I asked my spiritual director, who is a profound blessing to me, what I should do about the crushing loneliness I feel. She pointed out that I’m probably still grieving the loss of my Divinity school community, and the loss of my summer Greek squad from seminary, as horrific as that condensed learning experience was. You don’t spend nearly four years in close conversational quarters and depart suddenly, without experiencing loss. Hmmm…

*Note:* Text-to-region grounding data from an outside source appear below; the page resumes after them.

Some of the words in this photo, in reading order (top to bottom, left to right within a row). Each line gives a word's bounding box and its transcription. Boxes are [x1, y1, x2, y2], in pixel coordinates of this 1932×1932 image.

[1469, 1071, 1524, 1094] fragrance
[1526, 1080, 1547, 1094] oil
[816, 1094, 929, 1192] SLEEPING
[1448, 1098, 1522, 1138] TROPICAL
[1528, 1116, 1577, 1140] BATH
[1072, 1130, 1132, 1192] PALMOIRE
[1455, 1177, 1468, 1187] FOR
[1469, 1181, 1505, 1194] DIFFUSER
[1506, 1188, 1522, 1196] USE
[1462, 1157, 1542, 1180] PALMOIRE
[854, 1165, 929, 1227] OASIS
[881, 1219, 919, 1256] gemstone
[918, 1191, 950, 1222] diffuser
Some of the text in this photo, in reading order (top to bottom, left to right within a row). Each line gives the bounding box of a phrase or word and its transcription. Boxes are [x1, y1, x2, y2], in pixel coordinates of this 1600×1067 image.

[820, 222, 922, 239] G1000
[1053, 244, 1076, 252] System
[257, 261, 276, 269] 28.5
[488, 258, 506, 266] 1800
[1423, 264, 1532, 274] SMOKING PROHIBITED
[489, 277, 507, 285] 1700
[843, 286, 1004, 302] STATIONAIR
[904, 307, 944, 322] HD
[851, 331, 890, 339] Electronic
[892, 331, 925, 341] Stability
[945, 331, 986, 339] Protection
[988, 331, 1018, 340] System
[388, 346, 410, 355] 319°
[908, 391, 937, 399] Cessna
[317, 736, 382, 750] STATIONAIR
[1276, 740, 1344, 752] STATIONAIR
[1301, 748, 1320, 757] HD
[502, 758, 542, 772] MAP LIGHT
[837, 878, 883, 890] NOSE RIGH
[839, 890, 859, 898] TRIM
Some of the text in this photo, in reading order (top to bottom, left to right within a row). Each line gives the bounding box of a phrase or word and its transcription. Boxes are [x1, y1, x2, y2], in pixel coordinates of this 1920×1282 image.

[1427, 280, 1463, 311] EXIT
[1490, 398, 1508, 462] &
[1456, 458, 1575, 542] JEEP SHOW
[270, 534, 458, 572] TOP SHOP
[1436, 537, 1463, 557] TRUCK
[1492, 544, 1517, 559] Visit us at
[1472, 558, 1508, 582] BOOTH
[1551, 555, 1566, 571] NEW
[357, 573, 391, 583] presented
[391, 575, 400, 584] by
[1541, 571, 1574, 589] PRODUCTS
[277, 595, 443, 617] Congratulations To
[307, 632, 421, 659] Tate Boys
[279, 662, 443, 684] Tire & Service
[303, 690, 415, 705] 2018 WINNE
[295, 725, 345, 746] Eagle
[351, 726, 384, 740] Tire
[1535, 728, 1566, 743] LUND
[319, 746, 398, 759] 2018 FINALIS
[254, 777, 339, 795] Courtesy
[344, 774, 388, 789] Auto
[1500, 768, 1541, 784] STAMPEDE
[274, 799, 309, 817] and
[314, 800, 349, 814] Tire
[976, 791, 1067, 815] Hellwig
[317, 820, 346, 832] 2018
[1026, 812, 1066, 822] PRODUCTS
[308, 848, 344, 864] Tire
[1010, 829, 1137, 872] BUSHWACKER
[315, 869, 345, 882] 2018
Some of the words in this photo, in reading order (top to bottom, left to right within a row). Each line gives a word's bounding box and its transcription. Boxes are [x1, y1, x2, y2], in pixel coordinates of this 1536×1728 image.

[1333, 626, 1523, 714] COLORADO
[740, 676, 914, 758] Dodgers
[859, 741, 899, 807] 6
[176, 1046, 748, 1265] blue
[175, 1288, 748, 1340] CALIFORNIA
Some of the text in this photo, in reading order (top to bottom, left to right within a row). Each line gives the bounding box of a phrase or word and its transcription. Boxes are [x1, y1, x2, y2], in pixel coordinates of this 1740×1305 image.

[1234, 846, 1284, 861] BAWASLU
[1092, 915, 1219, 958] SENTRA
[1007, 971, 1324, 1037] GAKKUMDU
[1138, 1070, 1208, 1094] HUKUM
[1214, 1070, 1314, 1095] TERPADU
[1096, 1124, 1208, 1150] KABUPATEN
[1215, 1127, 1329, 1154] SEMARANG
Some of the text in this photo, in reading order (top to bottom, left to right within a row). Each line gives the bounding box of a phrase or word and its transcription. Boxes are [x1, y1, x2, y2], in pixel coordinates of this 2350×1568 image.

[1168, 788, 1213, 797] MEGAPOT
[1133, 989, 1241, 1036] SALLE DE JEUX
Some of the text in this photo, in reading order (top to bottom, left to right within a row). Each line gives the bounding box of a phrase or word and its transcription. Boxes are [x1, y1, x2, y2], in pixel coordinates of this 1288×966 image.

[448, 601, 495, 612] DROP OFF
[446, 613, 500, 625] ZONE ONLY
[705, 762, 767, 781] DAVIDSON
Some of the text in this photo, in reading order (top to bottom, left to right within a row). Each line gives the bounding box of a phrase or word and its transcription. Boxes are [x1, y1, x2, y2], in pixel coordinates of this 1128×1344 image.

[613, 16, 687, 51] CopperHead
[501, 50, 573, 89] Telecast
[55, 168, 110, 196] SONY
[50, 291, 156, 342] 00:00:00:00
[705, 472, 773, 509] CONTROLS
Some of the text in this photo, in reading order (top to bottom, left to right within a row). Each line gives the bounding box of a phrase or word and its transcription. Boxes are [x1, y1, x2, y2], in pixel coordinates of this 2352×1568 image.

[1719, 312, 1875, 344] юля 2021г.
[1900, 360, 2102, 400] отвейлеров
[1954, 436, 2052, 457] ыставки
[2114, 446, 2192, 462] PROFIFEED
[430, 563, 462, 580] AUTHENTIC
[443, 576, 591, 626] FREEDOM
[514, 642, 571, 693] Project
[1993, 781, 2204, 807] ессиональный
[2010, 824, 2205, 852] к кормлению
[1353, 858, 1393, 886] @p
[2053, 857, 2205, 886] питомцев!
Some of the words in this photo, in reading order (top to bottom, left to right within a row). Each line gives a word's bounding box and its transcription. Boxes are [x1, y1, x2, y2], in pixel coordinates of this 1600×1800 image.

Then she completely pulled the theological rug out from under me by saying that my loneliness could be a gift from God, who intends for me to put that loneliness to use, to create new community, blending together the gifts and skills I’ve honed during theological education and formation. Where I see loneliness as a haunting, negative side effect of a vocation that chose me and refuses to leave me alone, my spiritual director revealed to me that I’ve been given a rare opportunity to bless others through my loneliness. To find others who are lonely, and make friends. Duh. It’s the Gospel, at work. Create community. Reach out, take hands, and have fun. Ride a Harley for cancer. Eat some BBQ and some fudge pie. Make new friends for a good cause, and then stay connected to those friends as you work together to invite others to join. Have fork, will travel…on a Vespa, perhaps?